_Description of the task_
An exact copy of the listing below is required, minus its pictures.

_Record excerpts_
......

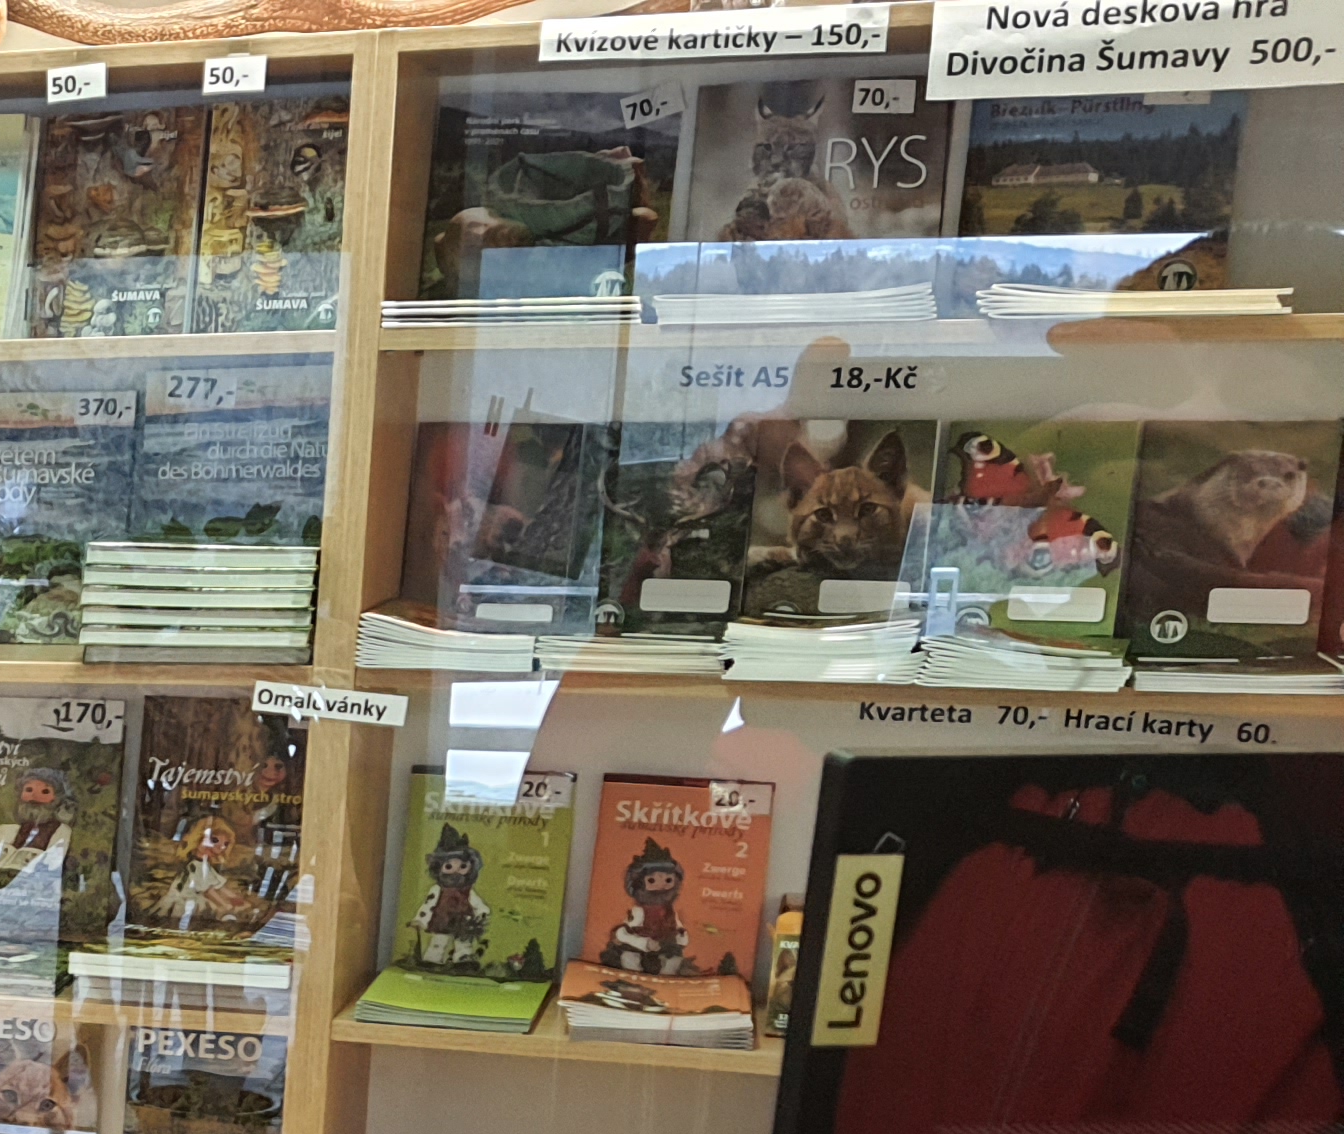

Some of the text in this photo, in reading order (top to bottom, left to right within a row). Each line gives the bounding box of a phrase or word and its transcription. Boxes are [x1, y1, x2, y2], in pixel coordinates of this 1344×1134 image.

[987, 4, 1069, 30] Nová
[556, 23, 881, 53] Kvízové kartičky 150,-
[947, 37, 1336, 77] Divočina Šumavy 500,-
[52, 75, 91, 95] 50,-
[208, 66, 249, 87] 50,-
[625, 98, 668, 122] 70,-
[857, 87, 900, 108] 70,-
[824, 134, 928, 190] RYS
[167, 375, 235, 405] 277,-
[679, 364, 918, 392] Sešit A5 18,-Kč
[78, 398, 132, 419] 370,-
[208, 440, 287, 459] durch die
[158, 460, 321, 480] des Böhmerwaldes
[59, 702, 124, 729] 170,-
[859, 701, 1213, 743] Kvarteta 70,- Hrací karty
[148, 757, 260, 790] Tajemství
[181, 787, 270, 805] šumavských
[523, 782, 562, 801] 20,-
[715, 790, 756, 808] 20,-
[616, 800, 752, 831] Skřítkové
[736, 842, 748, 858] 2
[827, 872, 882, 1029] Lenovo
[137, 1027, 263, 1062] PEXESO

......

_Task answer_
Some of the text in this photo, in reading order (top to bottom, left to right within a row). Each line gives the bounding box of a phrase or word and its transcription. Boxes are [x1, y1, x2, y2], in pixel coordinates of this 1344×1134 image.

[987, 4, 1069, 30] Nová
[556, 23, 881, 53] Kvízové kartičky 150,-
[947, 37, 1336, 77] Divočina Šumavy 500,-
[52, 75, 91, 95] 50,-
[208, 66, 249, 87] 50,-
[625, 98, 668, 122] 70,-
[857, 87, 900, 108] 70,-
[824, 134, 928, 190] RYS
[167, 375, 235, 405] 277,-
[679, 364, 918, 392] Sešit A5 18,-Kč
[78, 398, 132, 419] 370,-
[208, 440, 287, 459] durch die
[158, 460, 321, 480] des Böhmerwaldes
[59, 702, 124, 729] 170,-
[859, 701, 1213, 743] Kvarteta 70,- Hrací karty
[148, 757, 260, 790] Tajemství
[181, 787, 270, 805] šumavských
[523, 782, 562, 801] 20,-
[715, 790, 756, 808] 20,-
[616, 800, 752, 831] Skřítkové
[736, 842, 748, 858] 2
[827, 872, 882, 1029] Lenovo
[137, 1027, 263, 1062] PEXESO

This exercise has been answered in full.